Return the exact lines from the one containing "Some of the words" through the final line of the material below, with both ends kept.

[Start of section]

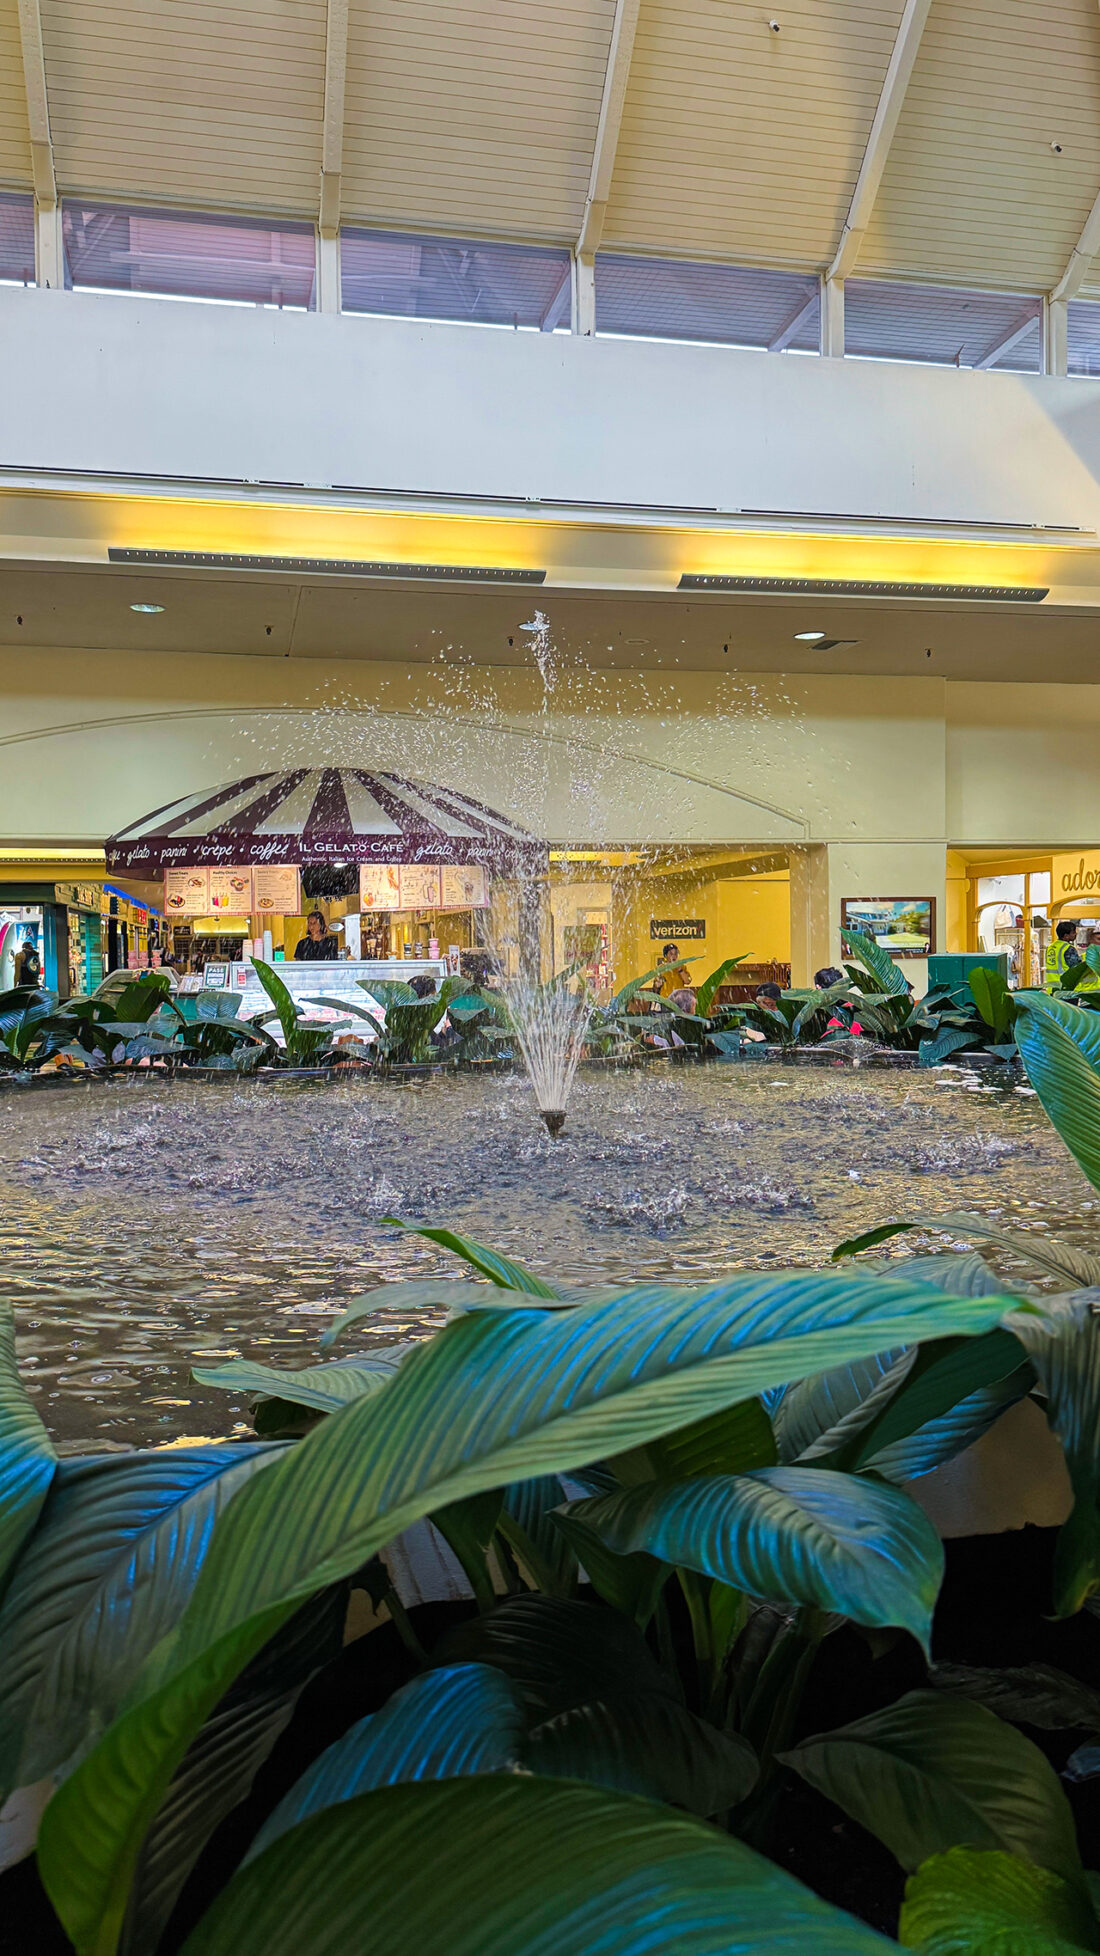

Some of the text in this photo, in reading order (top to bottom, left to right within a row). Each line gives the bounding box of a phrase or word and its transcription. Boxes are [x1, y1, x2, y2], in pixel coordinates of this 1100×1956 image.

[126, 844, 151, 866] gelato
[159, 843, 189, 864] panini
[250, 842, 289, 860] coffee
[314, 842, 367, 852] GELATO
[370, 841, 404, 852] CAFÉ
[414, 842, 453, 861] gelato
[653, 924, 697, 936] verizon
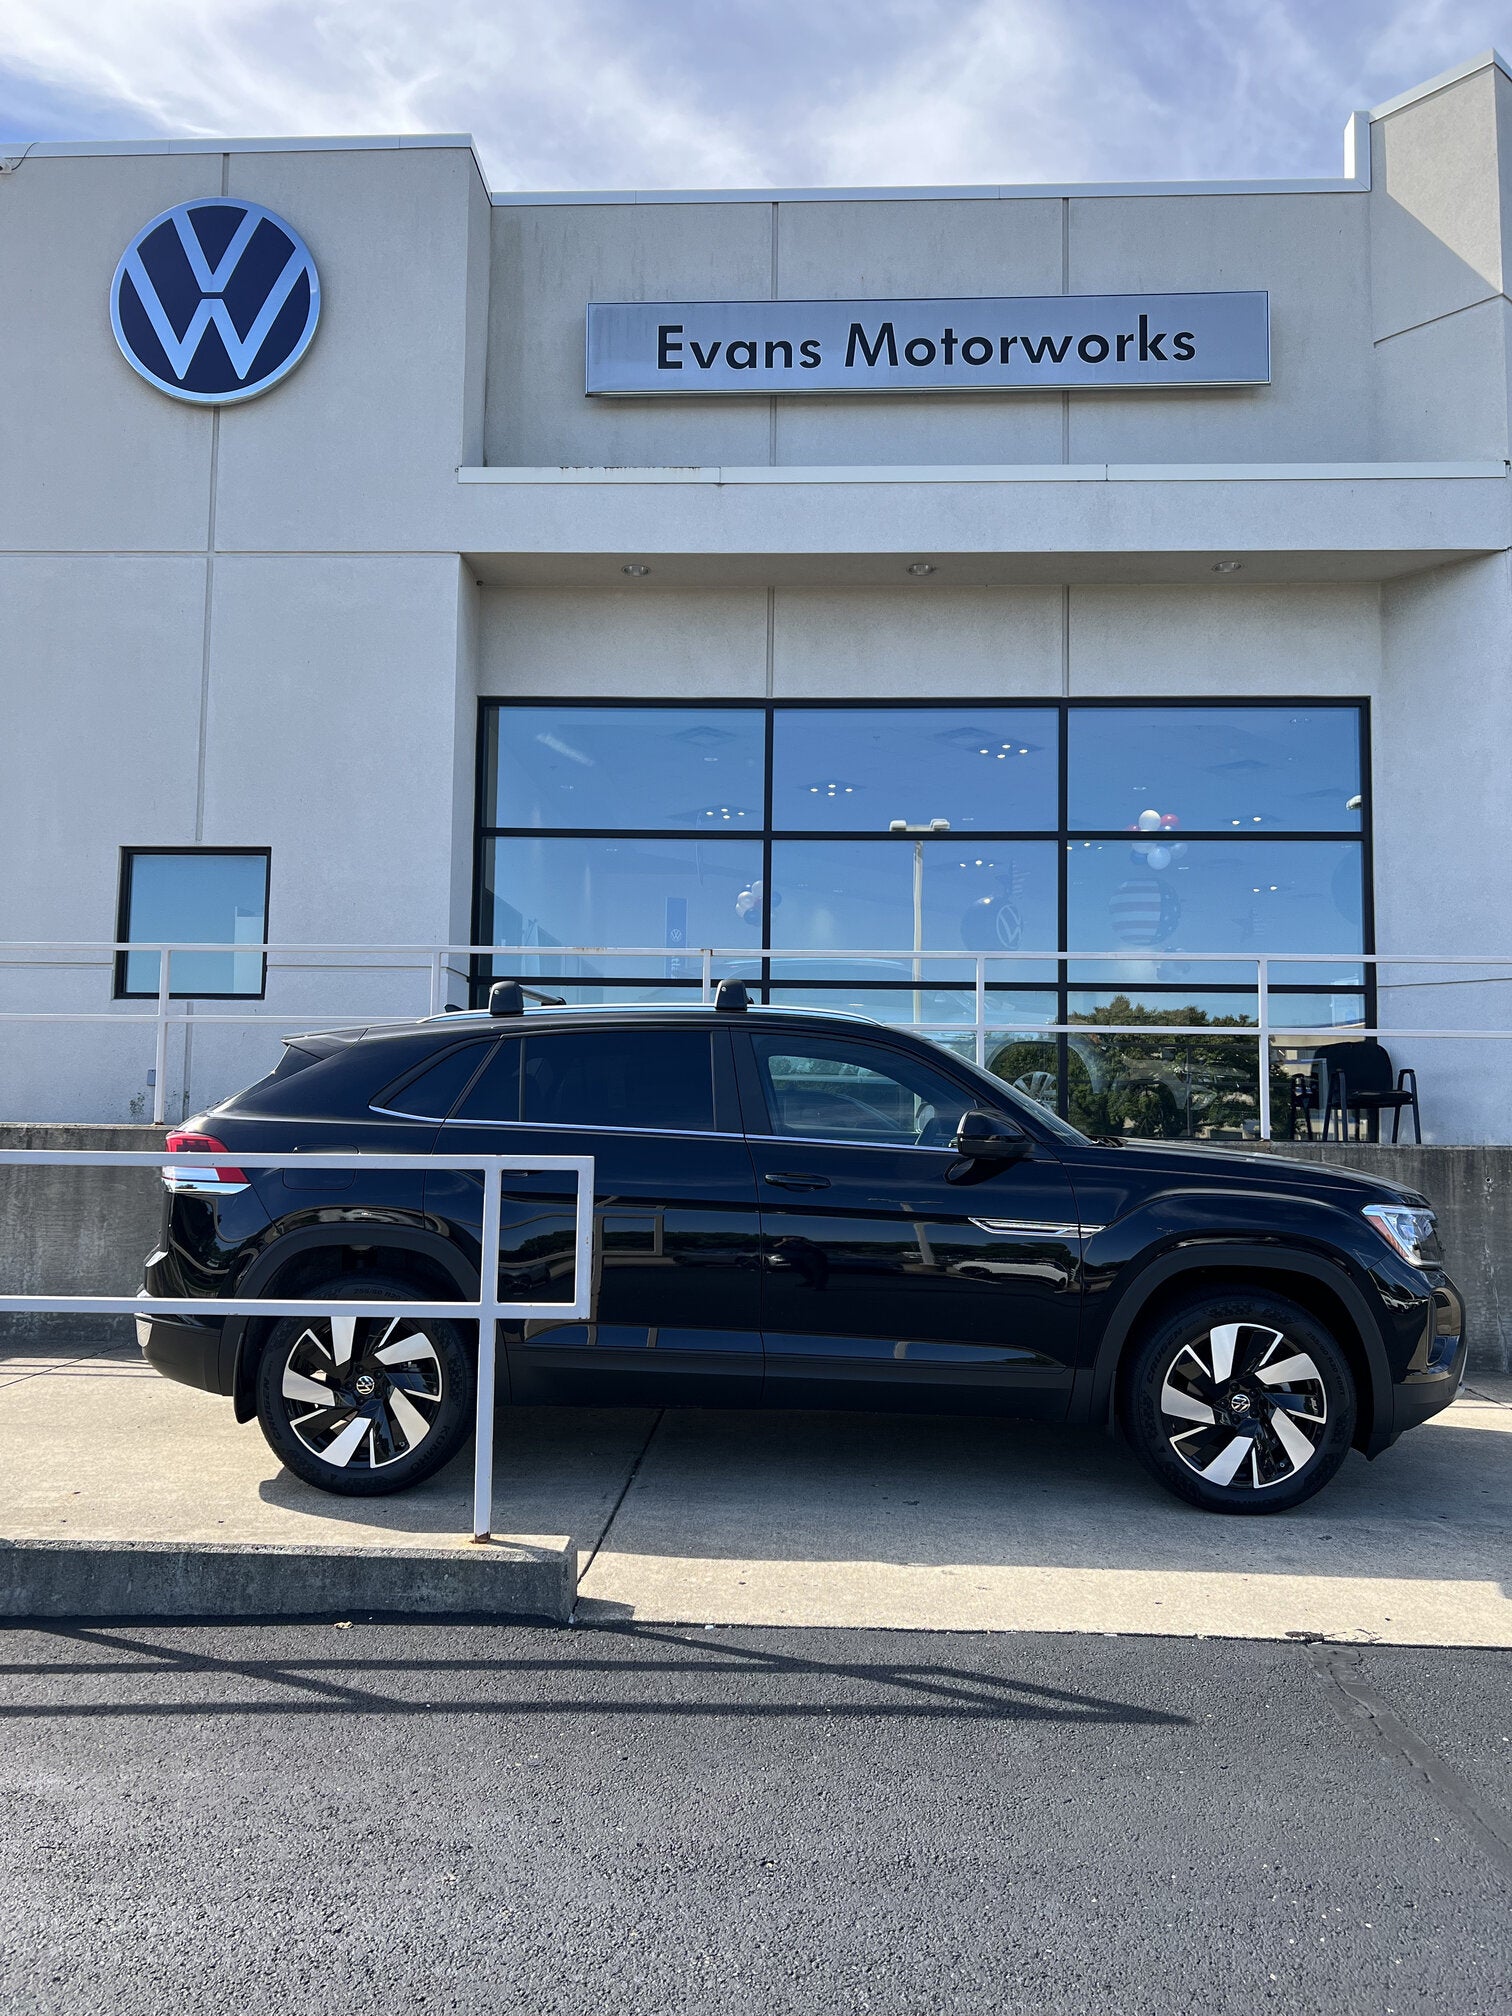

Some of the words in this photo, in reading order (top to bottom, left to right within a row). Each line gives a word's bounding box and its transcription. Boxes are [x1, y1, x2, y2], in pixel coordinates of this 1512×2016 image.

[108, 196, 321, 404] VW
[656, 324, 822, 371] Evans
[844, 313, 1197, 369] Motorworks
[1147, 1327, 1182, 1384] CRUGEN
[410, 1425, 451, 1472] KUMHO

[End of section]

§ WRITTEN SOLUTION
Some of the words in this photo, in reading order (top to bottom, left to right within a row). Each line gives a word's bounding box and its transcription. Boxes are [x1, y1, x2, y2], in pixel coordinates of this 1512×2016 image.

[108, 196, 321, 404] VW
[656, 324, 822, 371] Evans
[844, 313, 1197, 369] Motorworks
[1147, 1327, 1182, 1384] CRUGEN
[410, 1425, 451, 1472] KUMHO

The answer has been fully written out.